Il se leva et s'en alla en refermant la porte. Lucas se tourna de sorte à faire face à Rémy. Ils ne s'étaient pas dits un mot depuis qu'il était entrés dans la chambre. Maintenant qu'il connaissait toute l'histoire, il redoutait plus sa réaction à elle que celle des autres.

Debby et Bruno l'avaient mieux pris qu'il ne l'aurait cru. Ils ne lui avaient pas crié dessus, Debby n'avait pas cherché à le giffler, rien. Même s'ils ne cachaient pas qu'ils désapprouvaient les circonstances. Quand Rémy dormait encore, Debby lui avait raconté ce qu'il s'était vraiment passé. En l'écoutant, la colère qu'il avait autrefois éprouvé pour Rémy se dirigea vers ce Samuel.
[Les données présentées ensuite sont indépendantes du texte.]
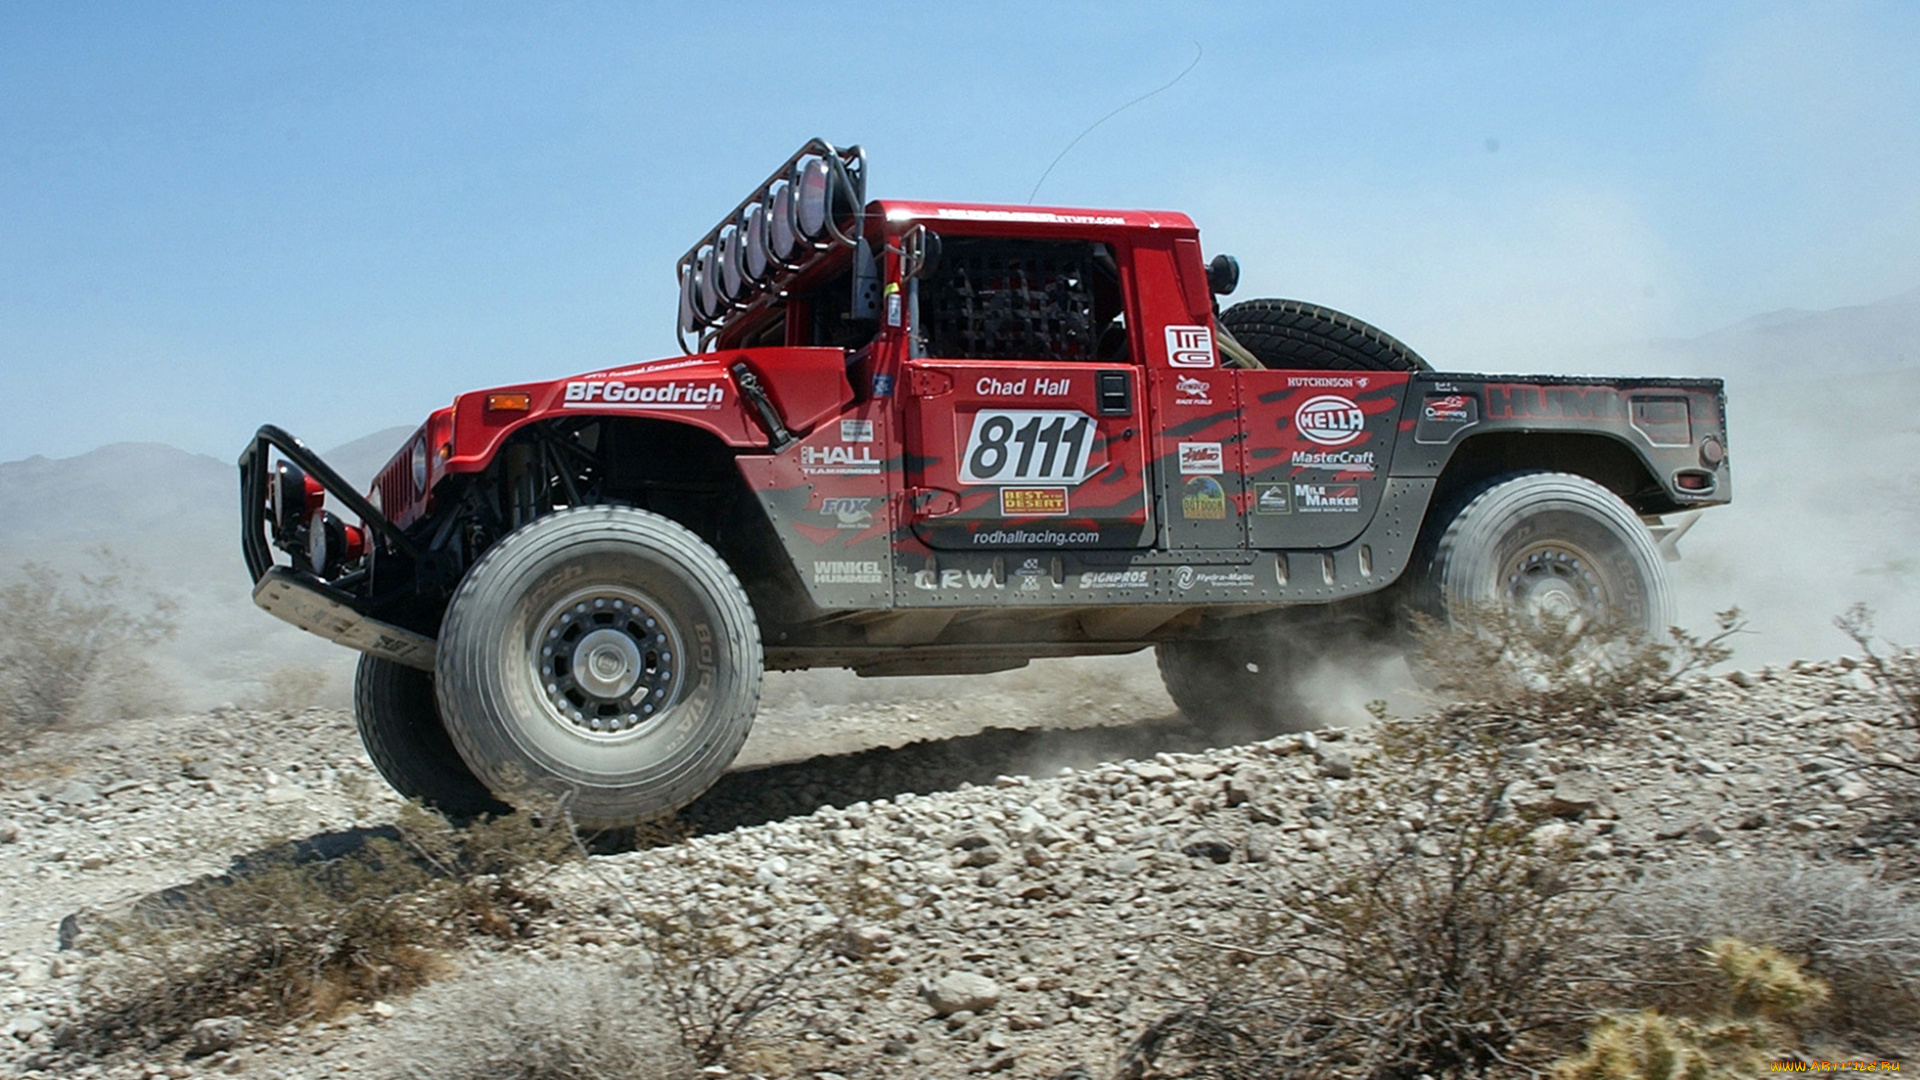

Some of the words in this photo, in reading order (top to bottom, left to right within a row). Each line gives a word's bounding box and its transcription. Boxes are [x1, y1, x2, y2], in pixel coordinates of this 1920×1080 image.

[976, 377, 1026, 395] Chad
[1033, 378, 1070, 395] Hall
[1287, 377, 1353, 387] HUTCHINSON
[564, 381, 724, 402] BFGoodrich
[1300, 409, 1364, 430] HELLA
[808, 446, 881, 464] HALL
[969, 415, 1089, 479] 8111
[1290, 451, 1374, 463] MasterCraft
[1005, 491, 1043, 499] BEST
[1005, 499, 1064, 507] DESERT
[820, 497, 872, 515] FOX
[973, 530, 1099, 546] rodhallracing.com
[813, 560, 882, 574] WINKEL
Elle ne lui avait pas menti techniquement. Sauf sur le moment de son divorce. Ils avaient bien été mariés trois ans, et leur mariage avait foiré à cause de ses problèmes de fertilité. Mais ils n'avaient pas divorcé depuis un an, c'est juste que leurs problèmes avaient commencé à cette période. Et si on prenait en compte le fait que son mari avait déserté le lit conjugal, elle ne l'avait pas trompée, c'était même le contraire! Et il avait été si désagréable envers elle alors qu'elle souffrait déjà suffisamment. Il n'a même pas cherché à l'écouter. Avec tout ça pas étonnant qu'elle cherche à élever son enfant seule!
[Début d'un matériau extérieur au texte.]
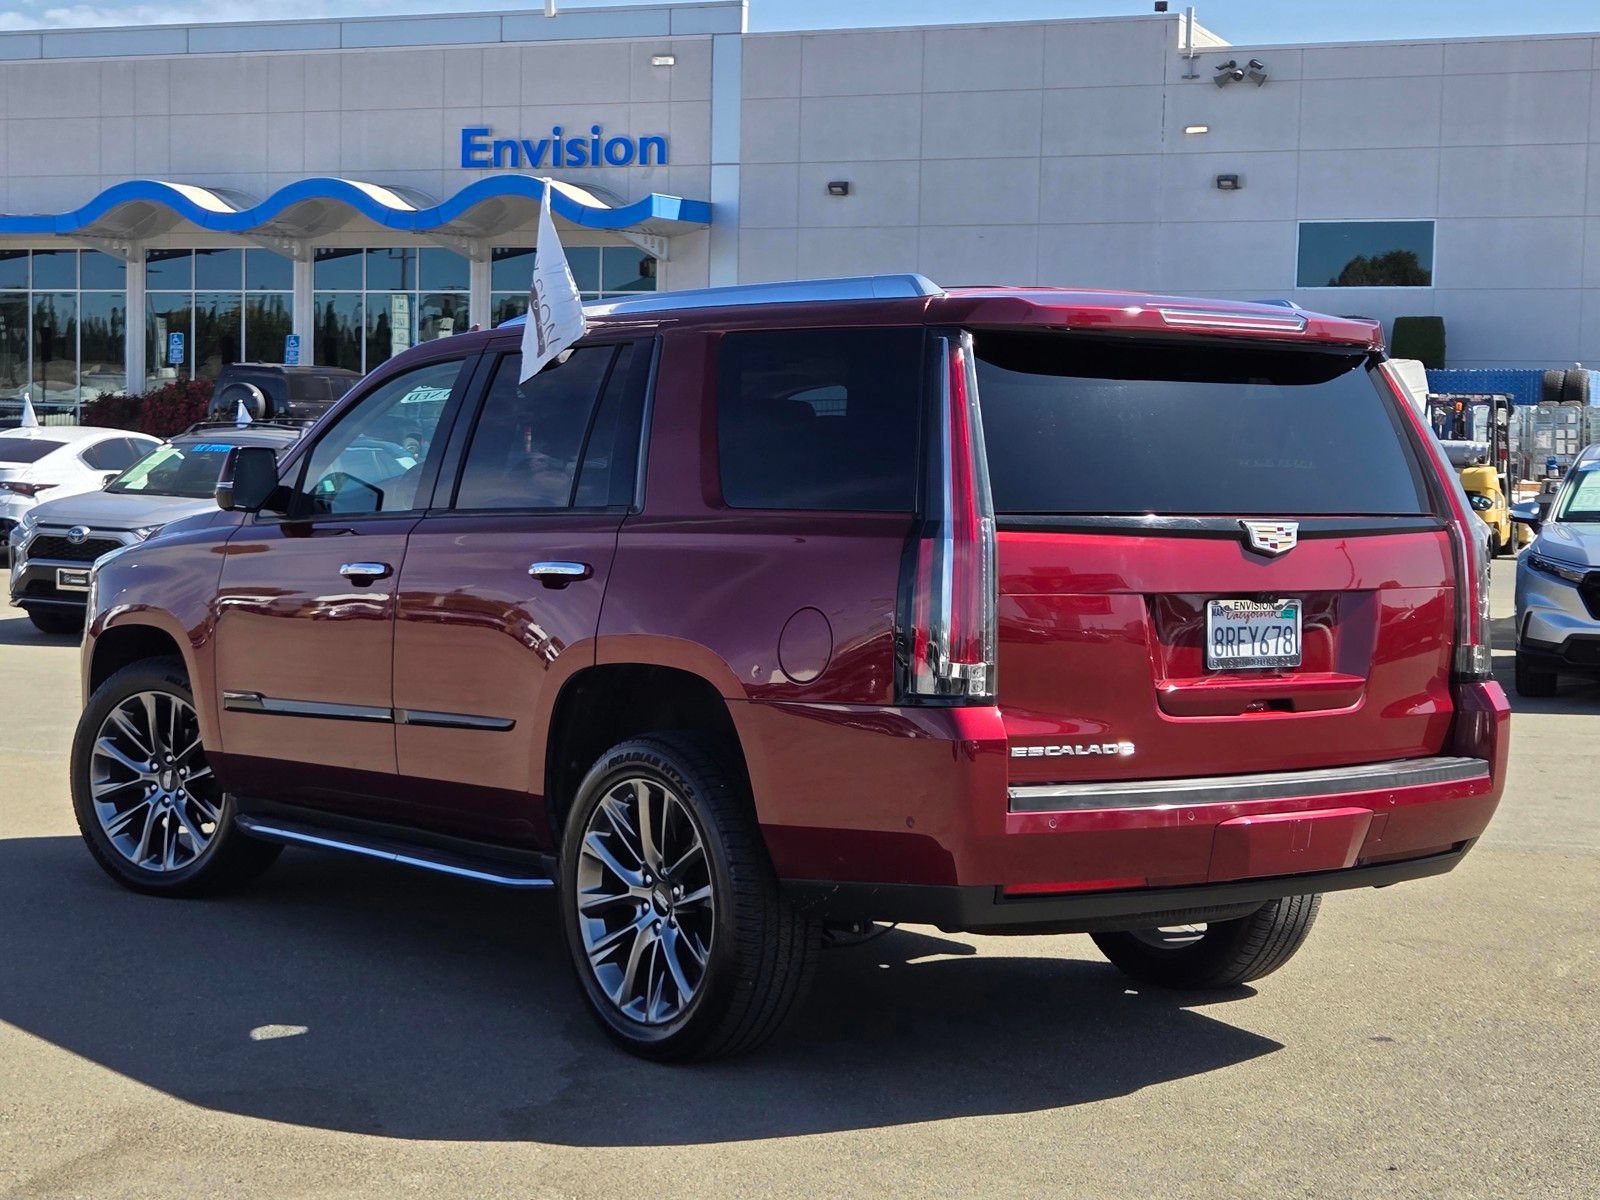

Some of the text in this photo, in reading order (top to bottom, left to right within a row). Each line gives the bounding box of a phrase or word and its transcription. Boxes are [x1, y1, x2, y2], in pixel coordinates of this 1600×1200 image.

[461, 125, 667, 168] Envision
[1234, 601, 1275, 611] ENVISION
[1215, 626, 1293, 656] 8RFY678
[1011, 742, 1135, 757] ESCALADE
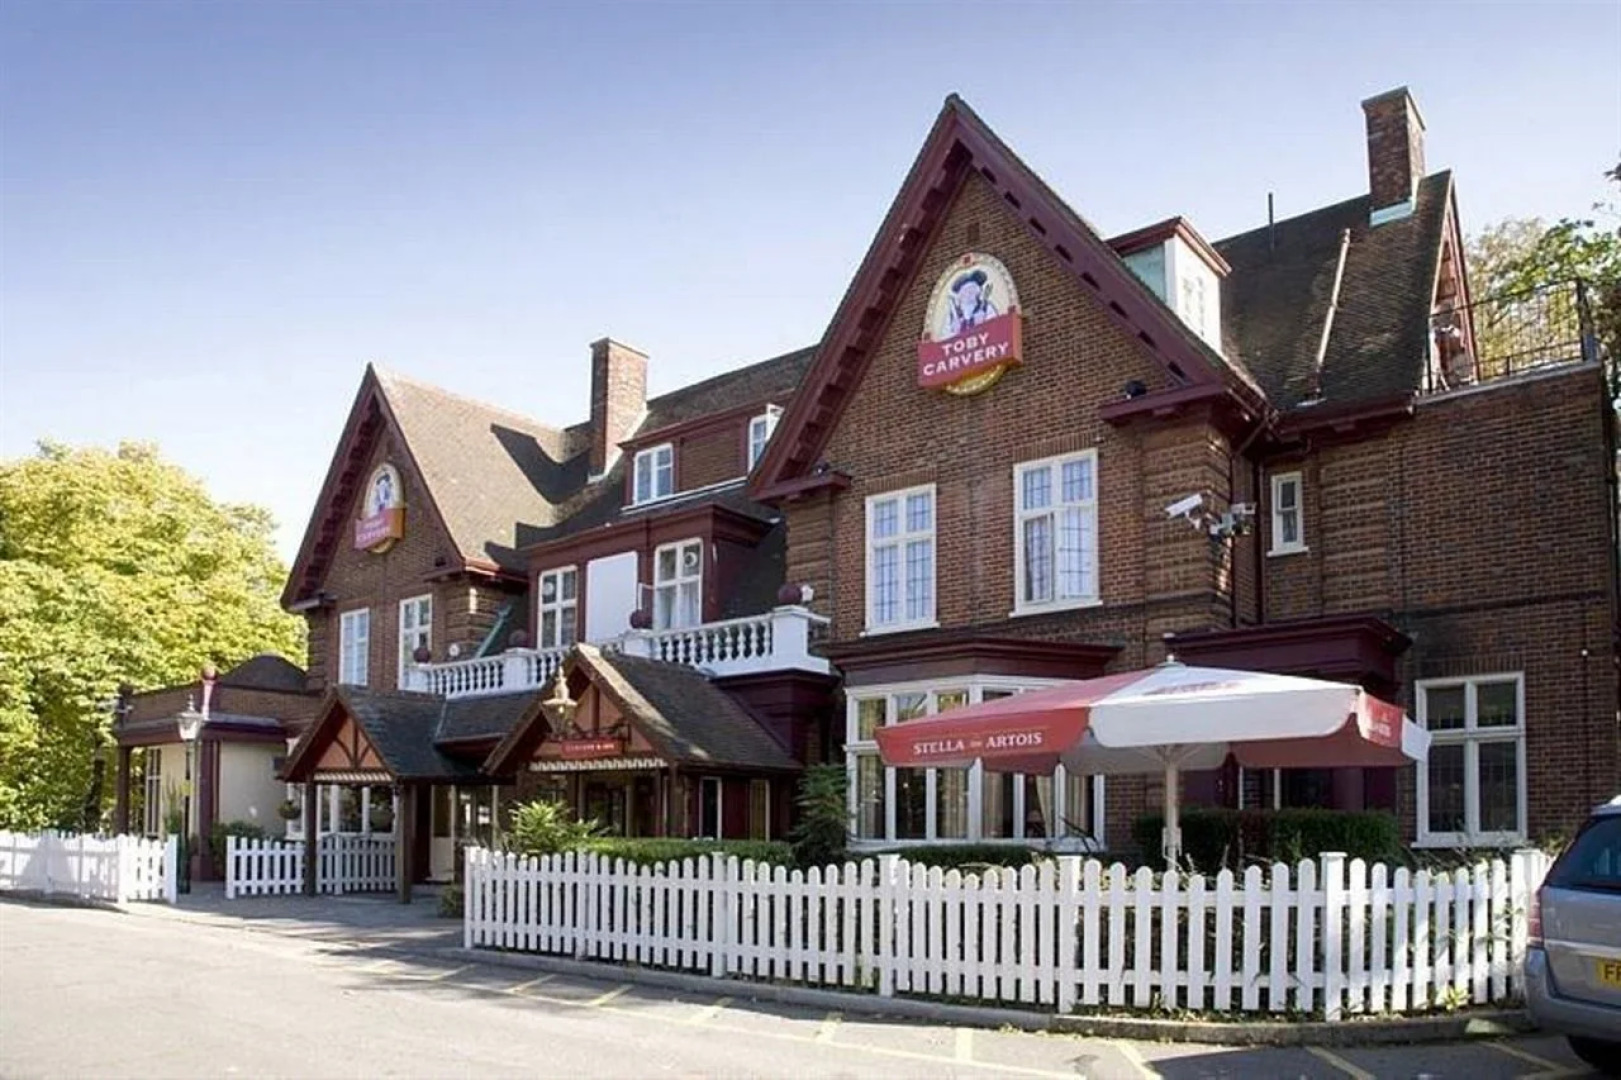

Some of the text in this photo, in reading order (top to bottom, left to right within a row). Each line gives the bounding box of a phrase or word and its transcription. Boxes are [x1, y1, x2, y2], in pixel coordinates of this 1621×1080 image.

[941, 332, 989, 356] TOBY
[923, 342, 1009, 376] CARVERY
[913, 739, 965, 755] STELLA
[985, 732, 1043, 749] ARTOIS
Il se racla la gorge, cherchant les bonnes paroles pour entamer une discussion avec elle. Elle était étendue sur le lit dont le haut avait été redressé. Elle ne le regardait pas. Mais elle était calme. Pas la moindre trace d'émotions sur son visage. Maintenant qu'il y pensait, les seuls moments où elle montrait des émotions c'était pendant leurs ébats sexuels, et lorsque Vlad était dans les parages.

- Tu... commença-t-il.

- Je n'ai pas l'intention de me faire avorter, le coupa-t-elle calmement. Ton avis n'y changera rien. S'il ne tenait qu'à moi tu ne serais pas là. Alors ça n'a aucune importance que tu veuille ou non que je garde le bébé. C'est sans doute ma seule chance d'avoir un enfant un jour, alors je refuse d'avorter. Je mènerai cette grossesse à son terme, quels qu'en soient les risques.

- D'après les médecins l'enfant ou toi pourrait mourir pendant l'accouchement. Tu en es consciente?

- Oui. S'il le faut je suis prète à mourir pour donner naissance à cet enfant.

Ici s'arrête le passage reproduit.